◆ **Image-backed grounding data**:
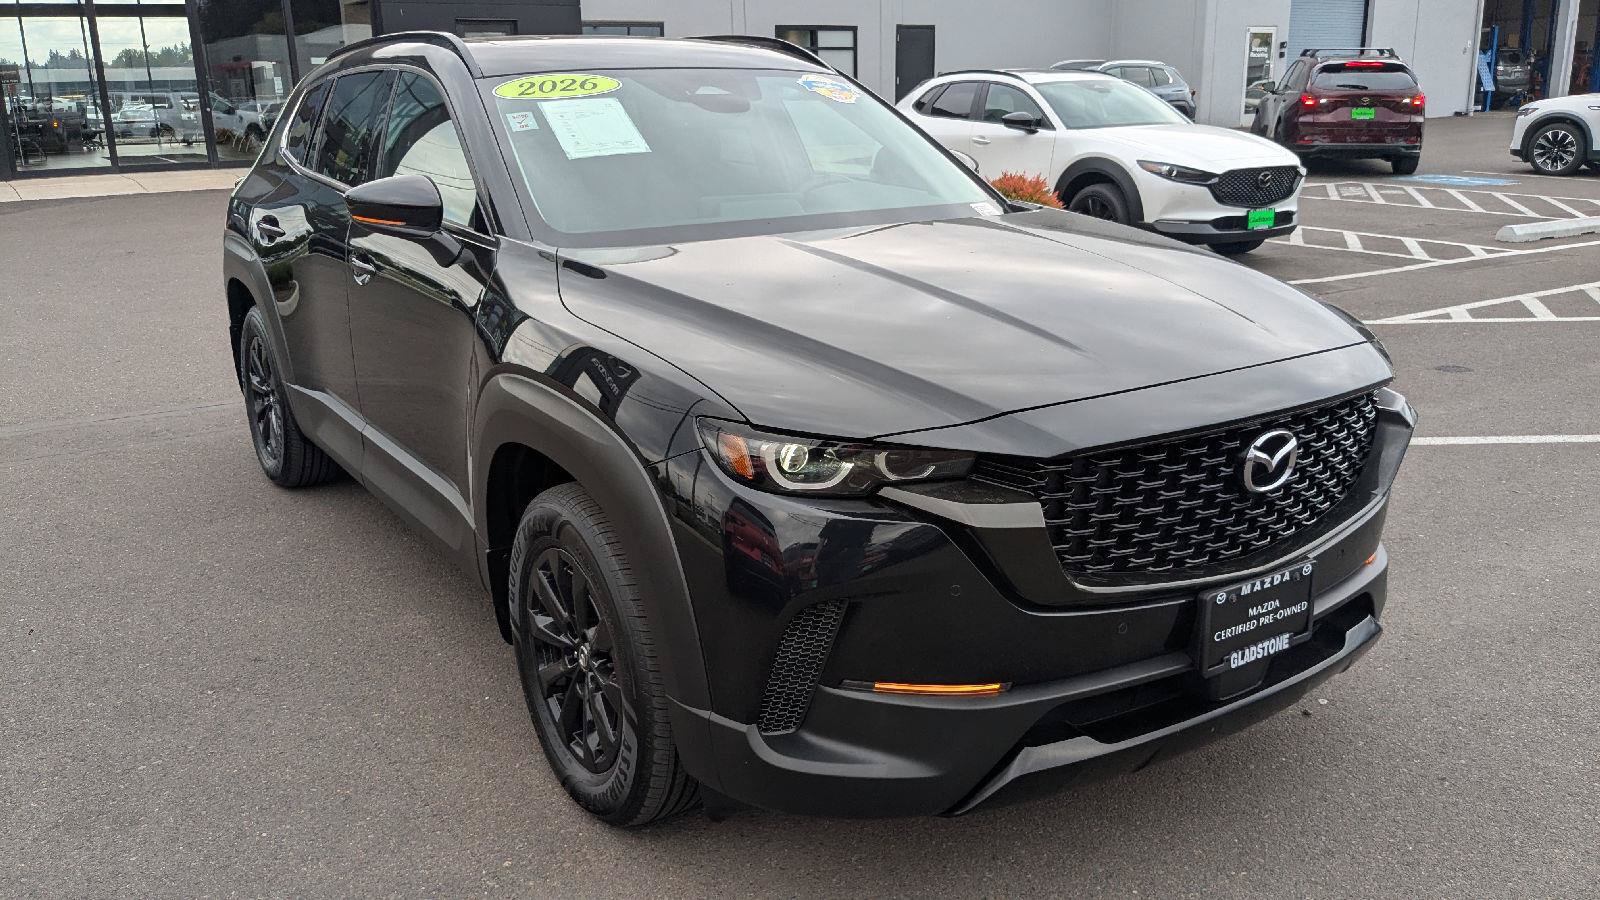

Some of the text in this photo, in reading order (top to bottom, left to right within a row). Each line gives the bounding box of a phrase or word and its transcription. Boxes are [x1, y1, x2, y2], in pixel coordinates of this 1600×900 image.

[518, 77, 598, 97] 2026
[1240, 571, 1291, 596] MAZDA
[1248, 598, 1280, 617] MAZDA
[1214, 601, 1308, 642] CERTIFIED PRE-OWNED
[1230, 633, 1291, 669] GLADSTONE

◆ **Problem to solve**: All entries above are to be restated exactly, with every image omitted.

◆ **Output of the exercise**:
Some of the text in this photo, in reading order (top to bottom, left to right within a row). Each line gives the bounding box of a phrase or word and its transcription. Boxes are [x1, y1, x2, y2], in pixel coordinates of this 1600×900 image.

[518, 77, 598, 97] 2026
[1240, 571, 1291, 596] MAZDA
[1248, 598, 1280, 617] MAZDA
[1214, 601, 1308, 642] CERTIFIED PRE-OWNED
[1230, 633, 1291, 669] GLADSTONE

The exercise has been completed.